The IG report is considered to be the most comprehensive and least partisan account of the scandal available to date. Unlike investigators with Rep. Darrell Issa's House Oversight Committee, DOJ investigators had access to criminal investigation files.
Fast and Furious was the Arizona component of a broader effort to combat gun trafficking known as Project Gunrunner, which had previously come under fire from the Inspector General for failing to net "higher-level traffickers, smugglers, and the ultimate recipients of the trafficked guns." Instead of going after the straw purchasers during Fast and Furious, ATF investigators allegedly made an effort to find the kingpins of the operation and deal a bigger blow to the trafficking network. But in doing so, agents lost track of many of the weapons, allowing them to flow into the hands of criminals on both sides of the border. One of the weapons connected to the investigation was found at the scene of Border Patrol Agent Brian Terry's murder in December 2010.
As a result of the report, former acting ATF Director Ken Melson resigned from his latest position as an advisor on forensic science issues at the Justice Department. Likewise, Deputy Assistant Attorney General Jason Weinstein also resigned despite strongly disagreeing with the report's conclusions.

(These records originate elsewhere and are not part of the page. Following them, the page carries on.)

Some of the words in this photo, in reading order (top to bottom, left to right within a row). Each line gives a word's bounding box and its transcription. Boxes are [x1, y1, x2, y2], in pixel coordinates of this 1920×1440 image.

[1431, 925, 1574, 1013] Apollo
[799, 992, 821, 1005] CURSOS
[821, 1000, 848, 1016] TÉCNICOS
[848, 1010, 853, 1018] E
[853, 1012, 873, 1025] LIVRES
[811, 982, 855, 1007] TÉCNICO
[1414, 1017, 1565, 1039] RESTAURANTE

The National Rifle Association and a number of Republican members of Congress have floated a bizzarre and far-fetched conspiracy theory that the Obama administration purposefully allowed weapons to "walk" to Mexico in an effort to boost the number of U.S. weapons found in the country and increase political support for gun control. Not surprisingly, the Inspector General found no evidence that ATF's Phoenix office initiated Fast and Furious to obtain legislation requiring gun dealers to report bulk rifle sales, as they already do with handguns.

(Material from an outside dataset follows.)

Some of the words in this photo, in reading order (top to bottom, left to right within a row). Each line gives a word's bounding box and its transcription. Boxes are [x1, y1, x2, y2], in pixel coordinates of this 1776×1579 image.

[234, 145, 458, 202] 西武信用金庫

The report also found high-ranking DOJ officials did not purposefully provide false information in a Feb. 4, 2011 letter to Congress that responded to questions about the operation. The report found that Burke as well as then-Acting ATF Director Ken Melson and ATF Deputy Director Billy Hoover provided the information the officials relied on and "failed to exercise appropriate oversight of the investigation, and to some extent were themselves receiving incorrect or incomplete information from their subordinates about it."

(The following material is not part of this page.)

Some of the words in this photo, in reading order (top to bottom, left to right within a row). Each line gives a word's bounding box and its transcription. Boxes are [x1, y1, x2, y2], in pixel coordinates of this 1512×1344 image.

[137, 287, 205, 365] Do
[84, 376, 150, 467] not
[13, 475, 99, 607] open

In comments aimed at Issa and other House Republicans, Holder said it was "unfortunate that some were so quick to make baseless accusations before they possessed the facts about these operations — accusations that turned out to be without foundation and that have caused a great deal of unnecessary harm and confusion."
Issa, for his part, said the report "confirms findings by Congress' investigation of a near total disregard for public safety in Operation Fast and Furious" and called on President Obama to "step in and provide accountability for officials at both the Department of Justice and ATF who failed to do their jobs."
While the House of Representatives voted in June to find Attorney General Eric Holder in contempt of Congress for purportedly failing to turn over documents subpoenaed by the Oversight Committee, the report finds that DOJ "appropriately refused to make any substantive comments about the investigation in light of the additional information it had learned and its referral of the matter to the OIG in February." President Obama's White House declared the documents sought by the Committee — which were generated after Congress began asking questions about the ATF operation in February 2011 — were protected by executive privilege.